Hypergraphs

[mofeing]

Is there any intention to support hypergraphs? The main deadlock to integrate hypergraphs in Graphs is the assumption that edges point to 2 vertices. Currently is weird to implement a "undirected" HyperEdge type: dst and src have no point there (even in an undirected graph dst and src look weird) because there will be more than 2 vertices.

My proposal is the following:

1. See simple edges as a special case of hyperedges whose cardinality is 2.
2. Stop using dst and src for undirected edges $\rightarrow$ Use vertices(edge) where possible instead.
3. For graph algorithms that need a non-hyper graph view, a hyperedge can be seen as the powerset of cardinality 2 of the connecting vertices (i.e. all vertices in an hyperedge are at distance 1).
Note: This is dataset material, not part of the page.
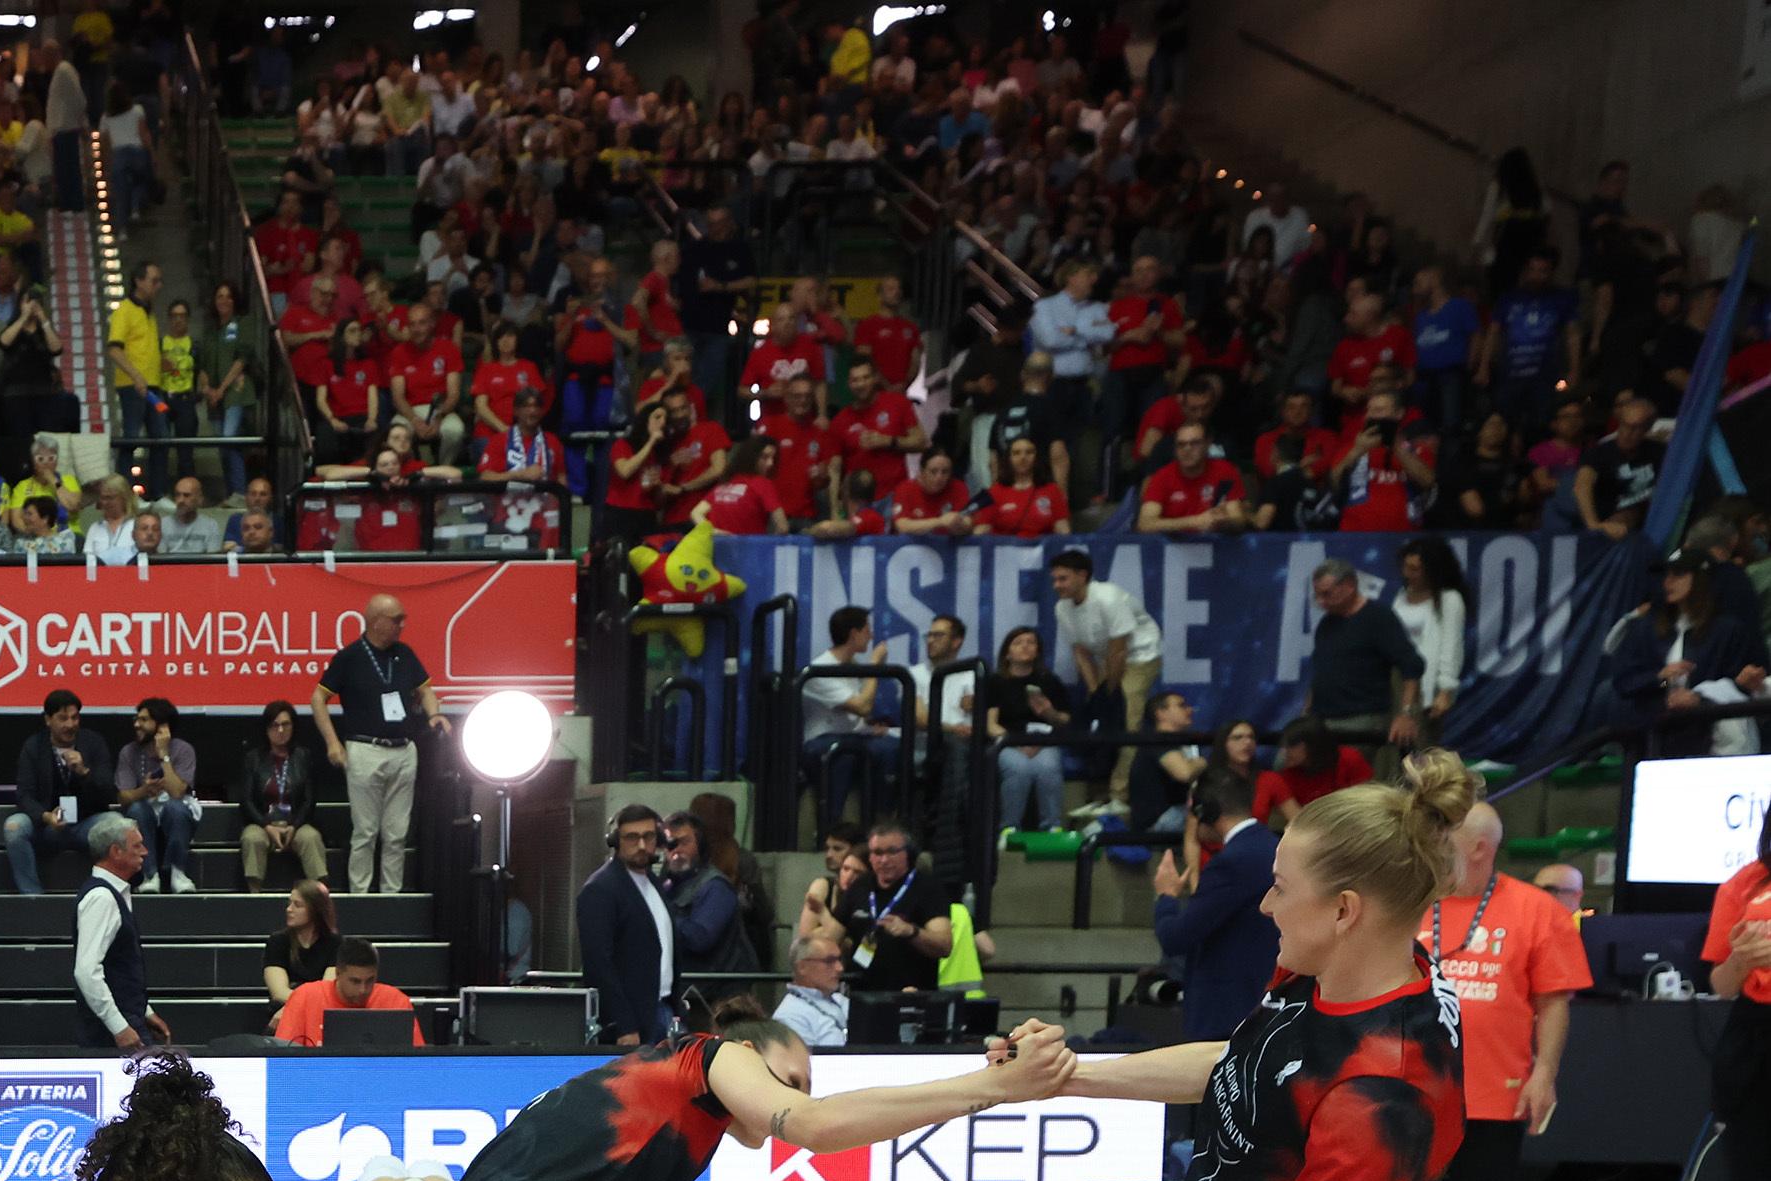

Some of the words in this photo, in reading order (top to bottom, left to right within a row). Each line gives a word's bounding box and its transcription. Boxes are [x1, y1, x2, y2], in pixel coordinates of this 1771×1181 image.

If we relax this assumption, open edges could also be supported and implemented as cardinality 1 hyperedges.

[gdalle]

Initially the intention was to leave hypergraphs aside, but your remark about undirected edges got me thinking (see also #16). A more generic edge formalism might indeed be welcome, and there could be a function other_vertices(e, s) which does basically what dst(e) / src(e) would in an undirected graph. But then the trouble comes with directedness, do you know how such a formalism would adapt?

[mofeing]

A directed hyperedge $H_D$ contains two sets of vertices: the set of source vertices $S$ and the set of target vertices $T$. $H_D$ can be seen as the collection of all directed edges from $S$ to $T$.

$$ H_D = S \times T $$

A undirected hyperedge $H_U$ contains only the set of connecting vertices $C$. As above, $H_U$ can be seen as a the collection of all undirected edges in $R$, which is equivalent to the powerset $\mathcal{P}$ of $R$ of cardinality 2.

$$ H_U = R \times R = \mathcal{P}_2(R) $$

Remark A undirected hyperedge can be seen as a directed hyperset where $R = S = T$.[^1]

[^1]: The Wikipedia definition for undirected graph says something similar, but its definition is wrong because it leaves some edges out.

A possible implementation would be:

struct HyperEdge{T}
    vertices::Set{T}
end

struct HyperDiEdge{T}
    src::Set{T}
    dst::Set{T}
end

# Base.issubset, Base.in definitions

Only question I have is what behavior should we define if src and dst are not disjoint in HyperDiEdge. In my head, the directed hyperedge would also contain all the directed edges from and to the repeated elements... but should we allow self-loops too?

[gdalle]

Oh god don't get me started about self-loops. No one really knows how far they are supported in the current code base

[mofeing]

Oh god don't get me started about self-loops. No one really knows how far they are supported in the current code base

:joy: Then let's forget about self-loops for now and just check that $S$ and $T$ are disjoint when creating a HyperDiEdge.